Comme un bon vin qui vieillit au fil des années, Caroline Garcia ne perd pas de sa saveur. Déjà dans le carré magique du classement WTA en 2018, la Lyonnaise réitère en cette fin 2022 (4e). Une véritable remontada qui avait démarrée en mai, lorsque Caro pointait en 79e position. Qui, à l’aube du dernier été, aurait parié sur sa victoire aux Masters ? Pas grand monde, honnêtement.
Où est Caro ?
Improbable, c’est le mot qui résume son année 2022. La première partie de la saison semblait avoir en effet donné le ton et annonçait (encore) une année compliquée pour la Française. Comme disparue des radars du très haut niveau, Garcia était l’image de Charlie, fondue dans la masse du classement mondial.

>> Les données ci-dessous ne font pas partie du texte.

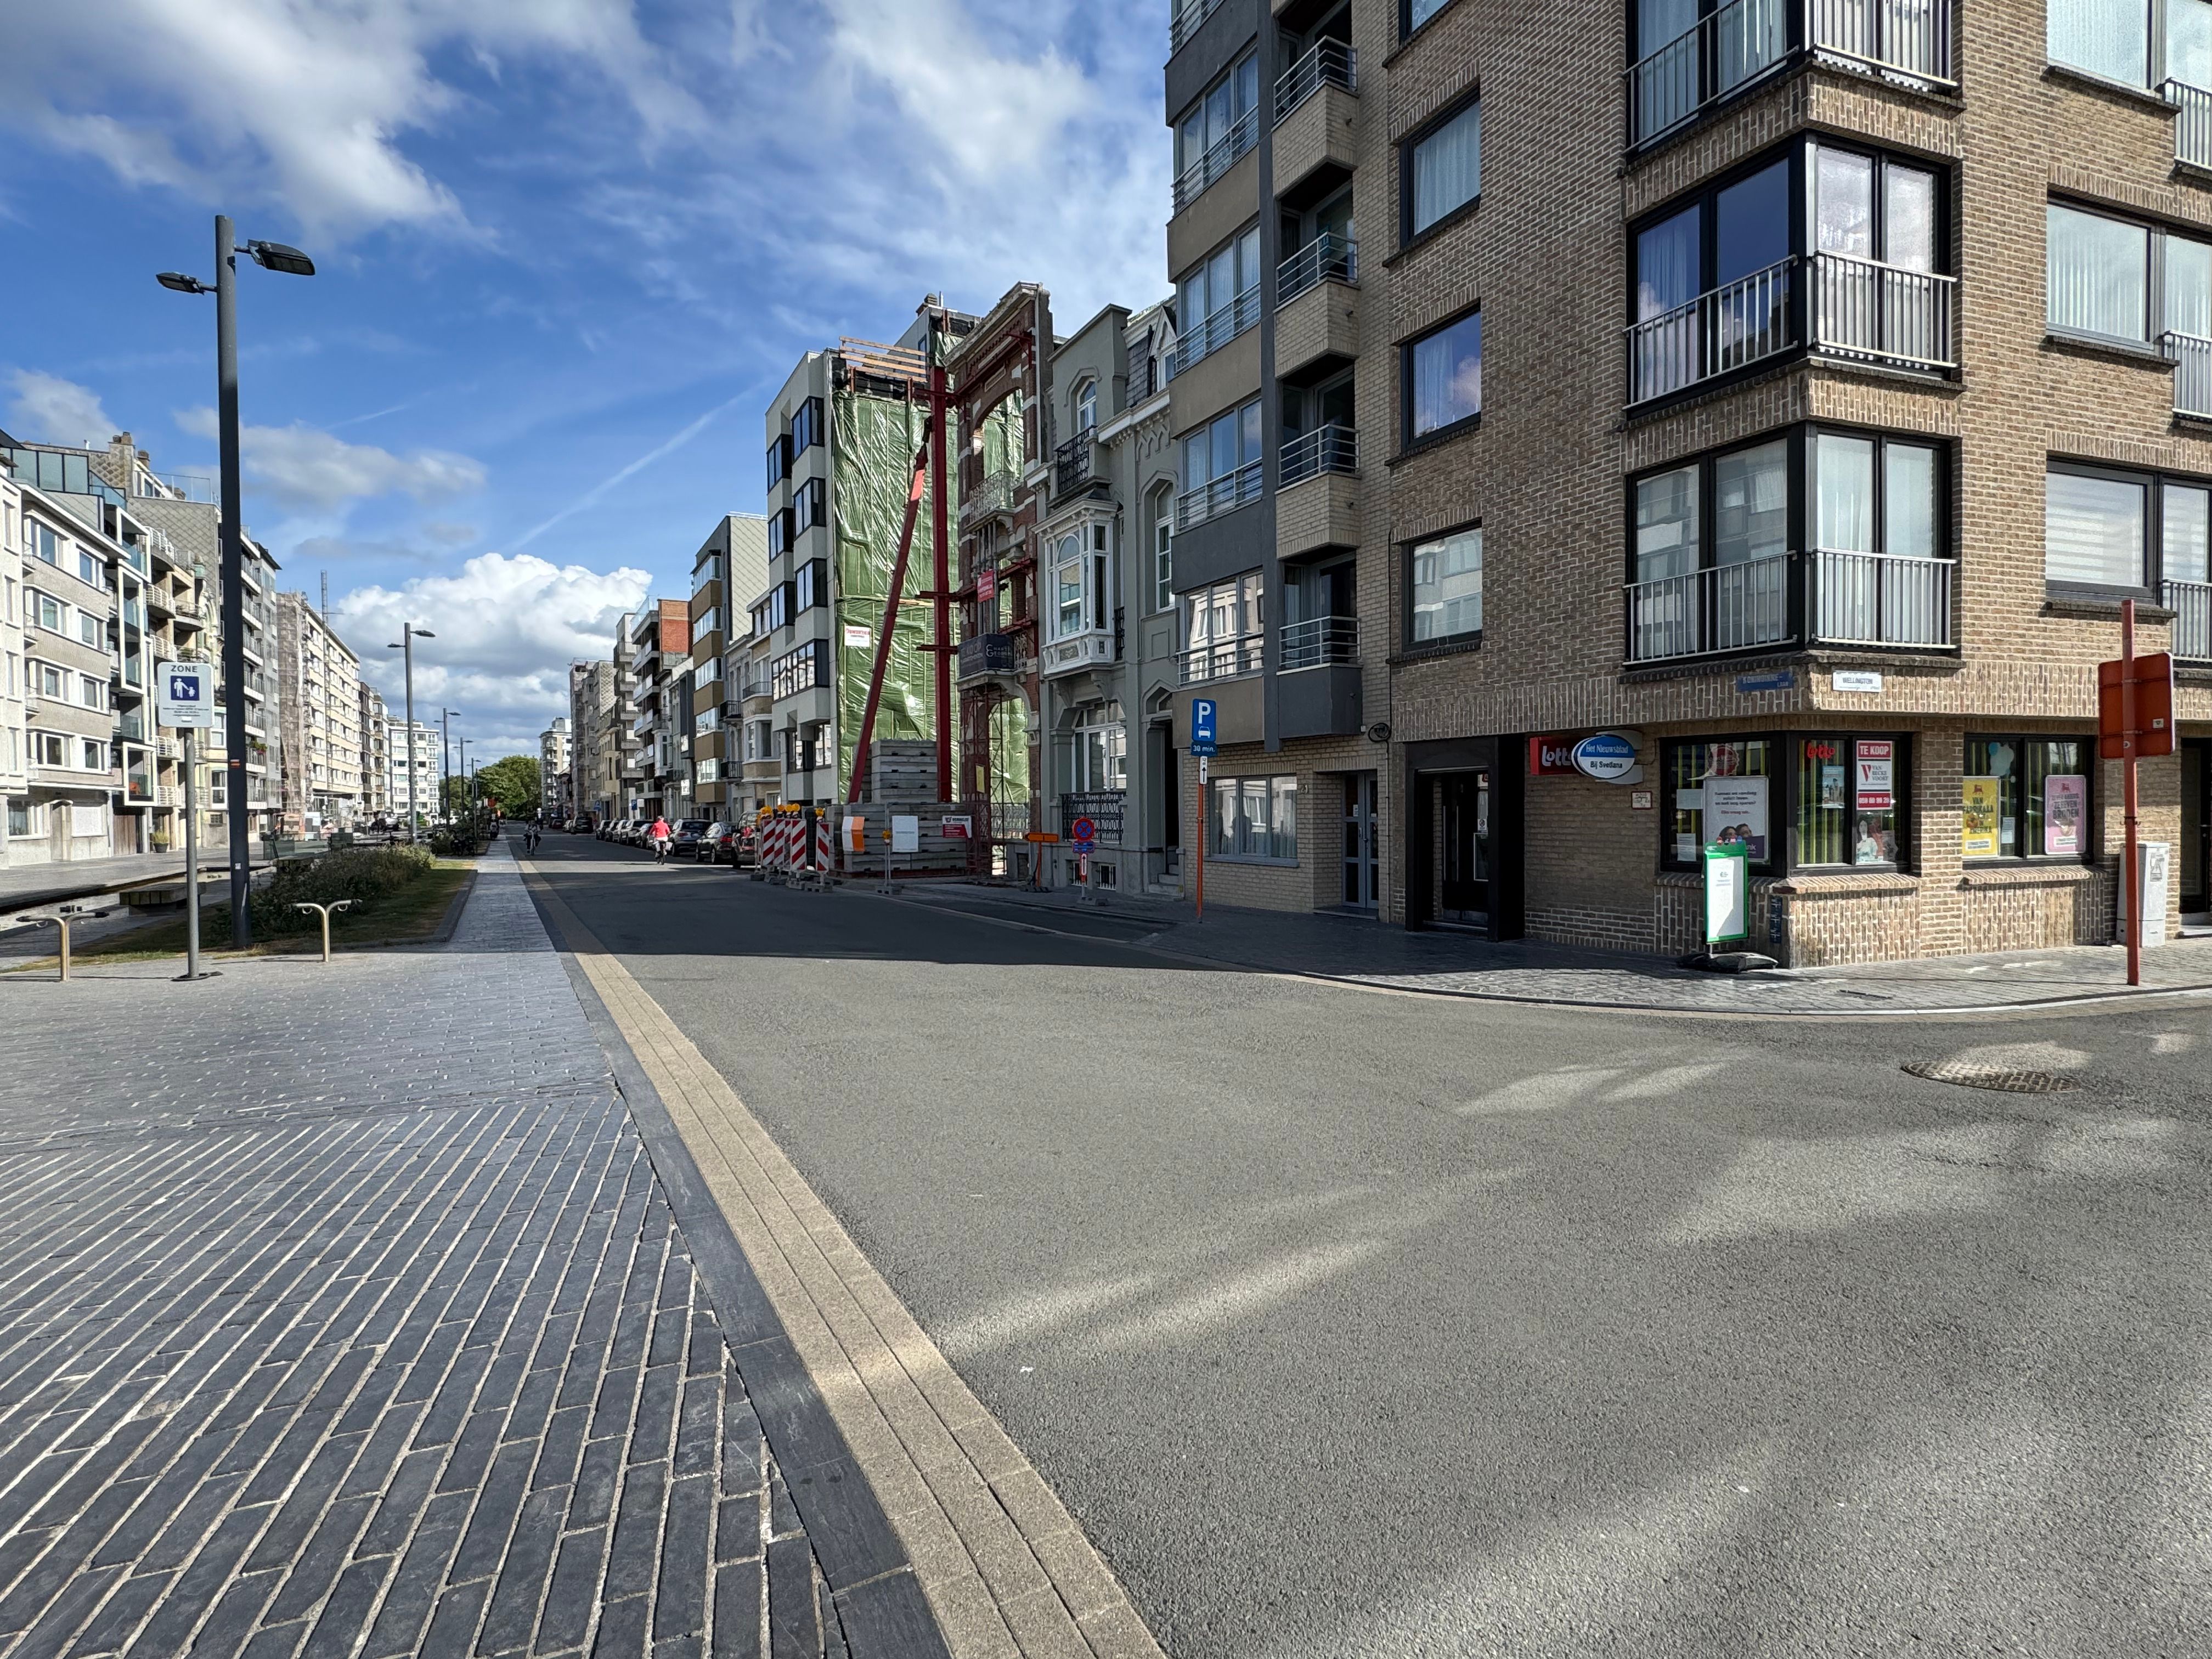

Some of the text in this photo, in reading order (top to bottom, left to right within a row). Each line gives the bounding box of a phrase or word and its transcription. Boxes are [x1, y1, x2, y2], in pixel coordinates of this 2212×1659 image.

[1198, 702, 1211, 724] P
[1586, 744, 1628, 754] Het Nieuwsblad
[1860, 746, 1889, 755] TE KOOP
[1542, 746, 1572, 766] Lott
[1599, 760, 1623, 769] Svetlana

Déjà sur une pente descendante depuis 2018, la native de Saint-Germain-en-Laye nous a semblée perdue pendant de longs mois, voire des années. Seules petites éclaircies au palmarès, son titre sur le gazon de Nottingham en juin 2019, la victoire en Fed Cup la même année (où elle n’avait pas brillé en individuel), et son huitième de finale à Roland Garros 2020. Moins glorieux, il y a eu beaucoup de déceptions en Grand Chelems. 2019 et 2021 en particulier : en cumulant les 4 majeurs + les JO, son meilleur résultat est un 3ème tour à l’Open d’Australie en 2019. Même pour la défense de ses titres à Wuhan et Pékin, obtenus un an plus tôt lors d’une tournée chinoise extraordinaire, Garcia n’assure pas. Il y avait donc peu de bon à retenir depuis son court passage dans le top 4 (il aura duré 15 jours) et son titre à Tianjin fin 2018. Elle avait d’ailleurs terminé l’année à la 19e place.

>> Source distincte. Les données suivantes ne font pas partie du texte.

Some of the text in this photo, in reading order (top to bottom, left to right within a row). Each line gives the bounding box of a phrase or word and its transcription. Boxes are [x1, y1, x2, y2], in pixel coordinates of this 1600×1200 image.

En plus de ces contre-performances sportives, des déconvenues physiques en ont rajouté une couche. Déjà blessée au pied fin 2020, la gêne est revenue cette année, au mois de mars lors du tournoi de Miami. Une pause de près de deux mois a éloigné Caro des terrains, après un début de saison 2022 toujours pas convaincant. Quelques bons matchs certes, mais pas de quoi s’emballer : défaite au 1er tour de l’OA, battue par Raducanu au 2ème tour d’Indian Wells puis abandon à Miami. Bref, l’été ne s’annonçait pas particulièrement ensoleillé…

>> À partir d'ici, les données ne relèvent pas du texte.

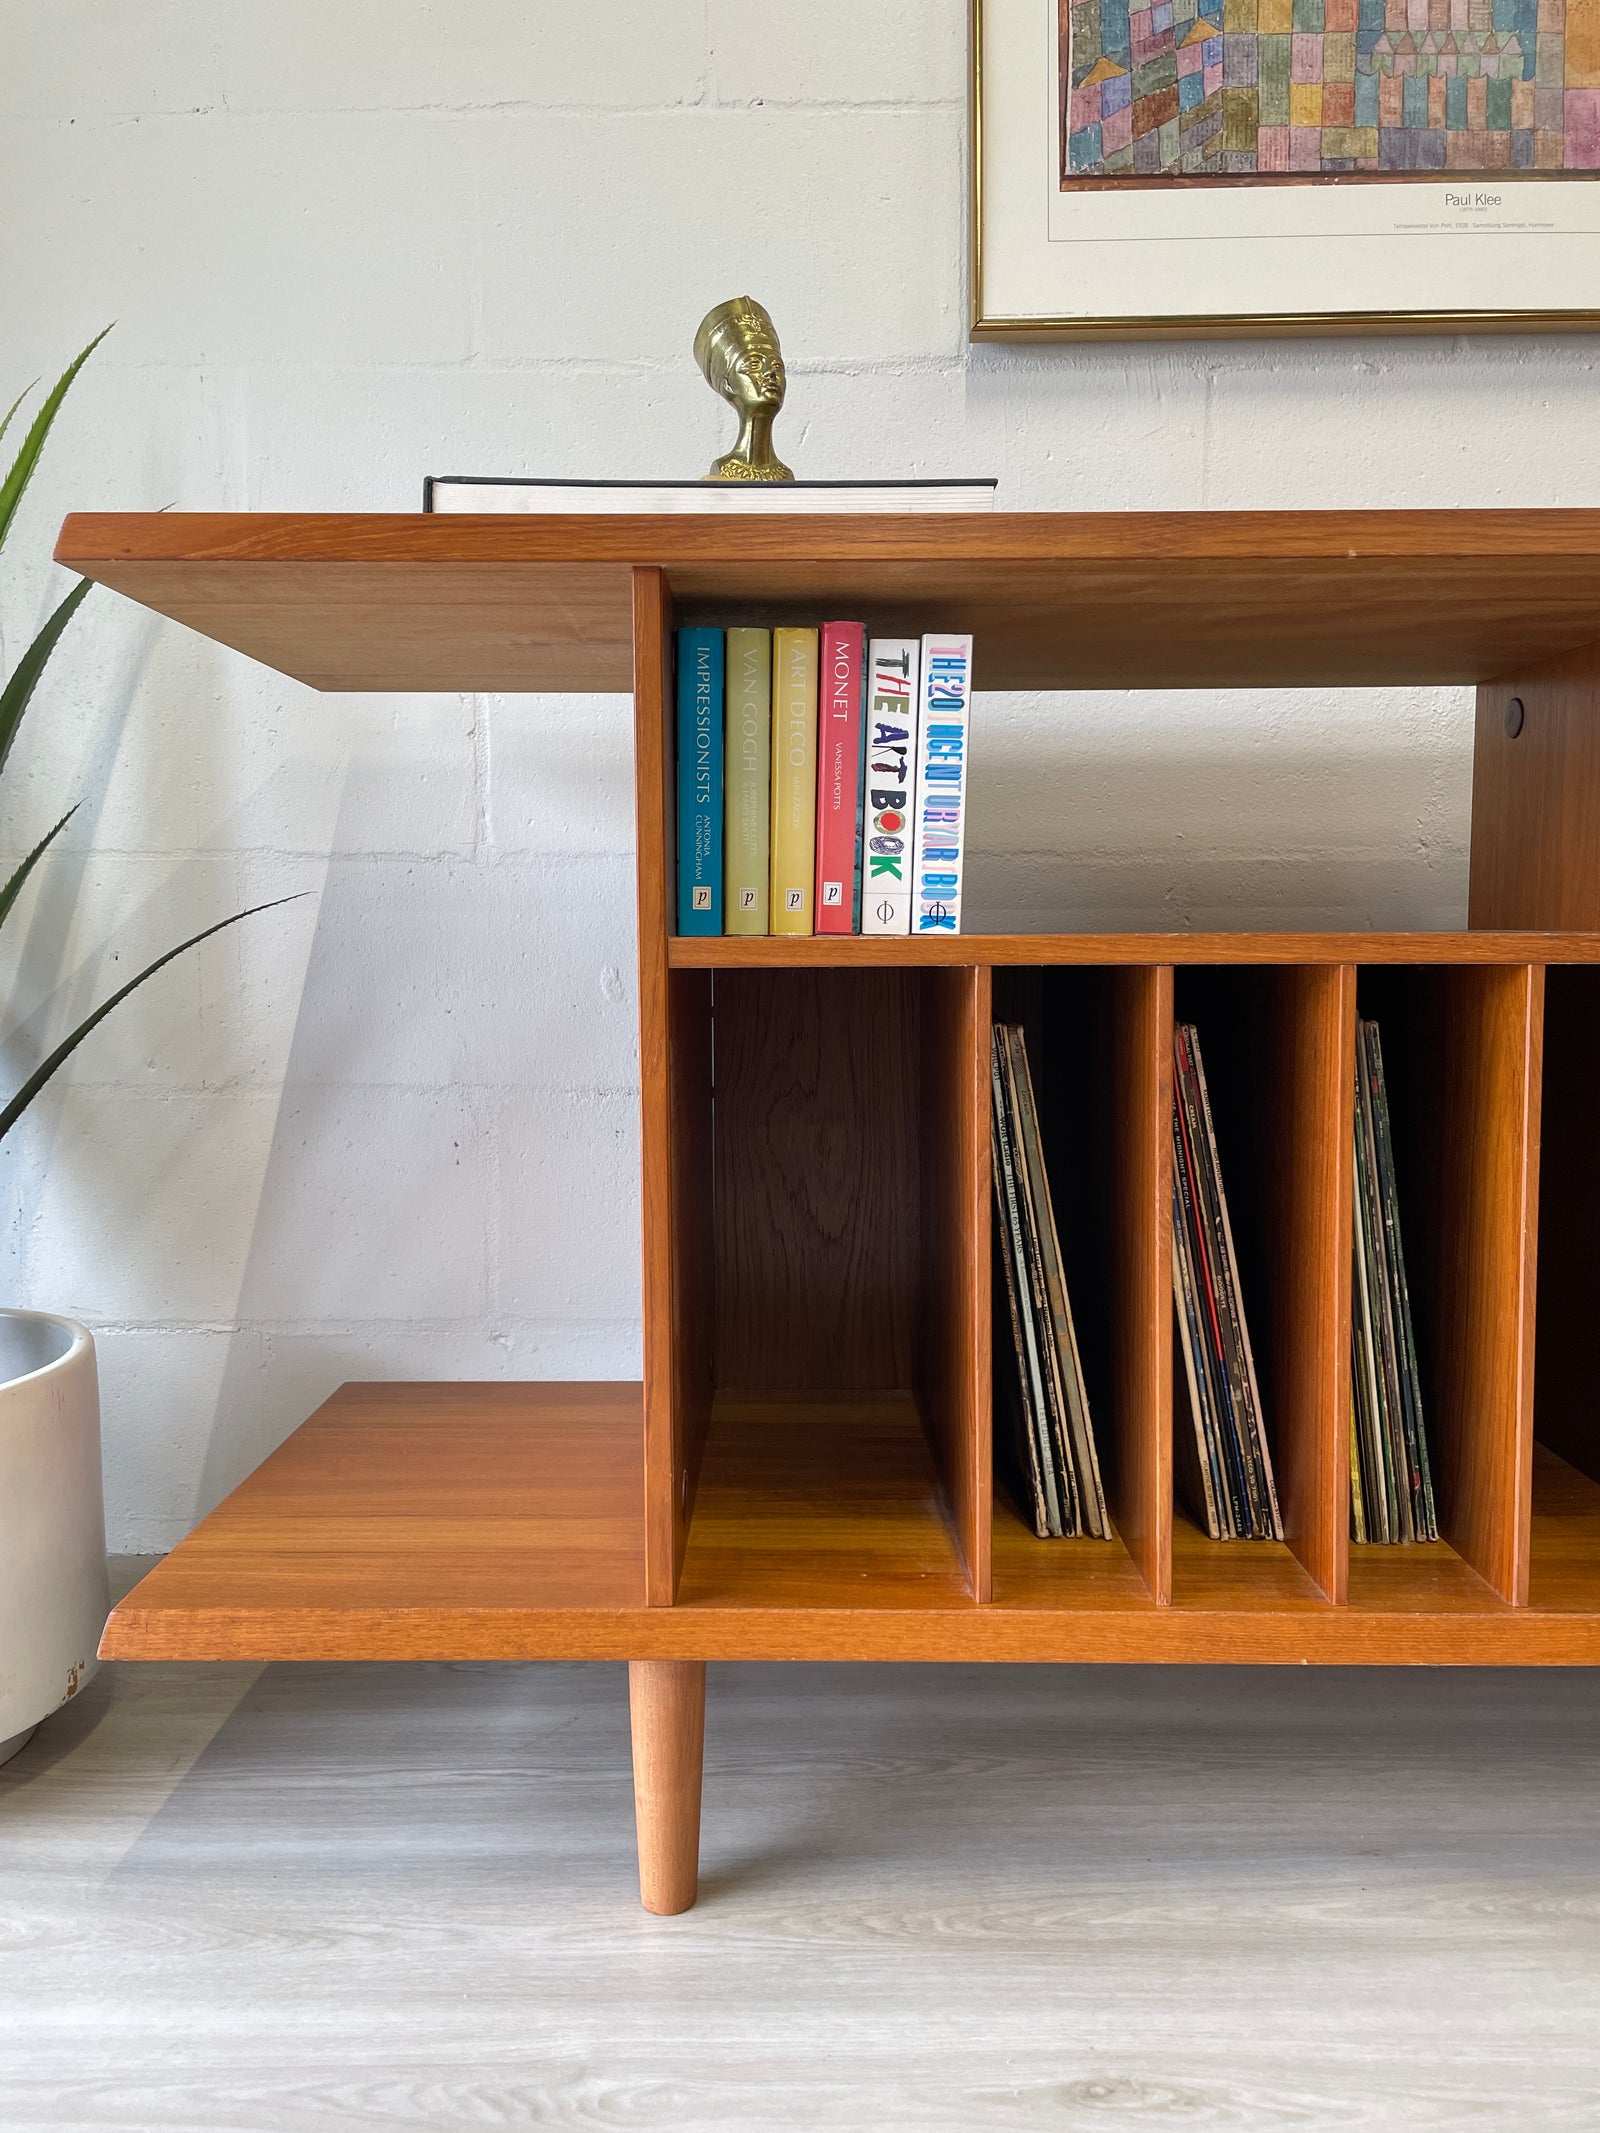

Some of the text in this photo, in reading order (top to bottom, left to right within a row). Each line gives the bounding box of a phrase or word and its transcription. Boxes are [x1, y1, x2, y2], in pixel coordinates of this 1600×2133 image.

[1445, 193, 1501, 206] Paul Klee
[743, 649, 757, 771] VAN GOGH
[790, 649, 805, 766] ART DECO
[833, 642, 850, 722] MONET
[697, 646, 710, 802] IMPRESSIONISTS
[833, 742, 843, 810] VANESSA POTTS
[870, 649, 911, 881] THE ART BOOK
[695, 815, 703, 880] CUNNINGHAM
[1021, 1089, 1029, 1116] CHICAGO
[1176, 1135, 1185, 1173] MIDNIGHT
[1182, 1176, 1190, 1209] SPECIAL
[1217, 1275, 1226, 1309] GOODBYE

Roland Garros : le point de départ
Ne jamais parler trop vite ! Battue par Madison Keys au 2ème tour du Grand Chelem français, la native des Yvelines se concentre à fond sur son double avec sa partenaire historique, Kristina Mladenovic. Après des années de tensions, les copines réconciliées passent les tours et terminent leur campagne parisienne en battant la paire américaine Gauff/Pegula. Après leur sacre sur cette même terre en 2016, Kiki et Caro s’offrent à nouveau le Graal, symbole de renaissance pour la joueuse de Villeurbanne.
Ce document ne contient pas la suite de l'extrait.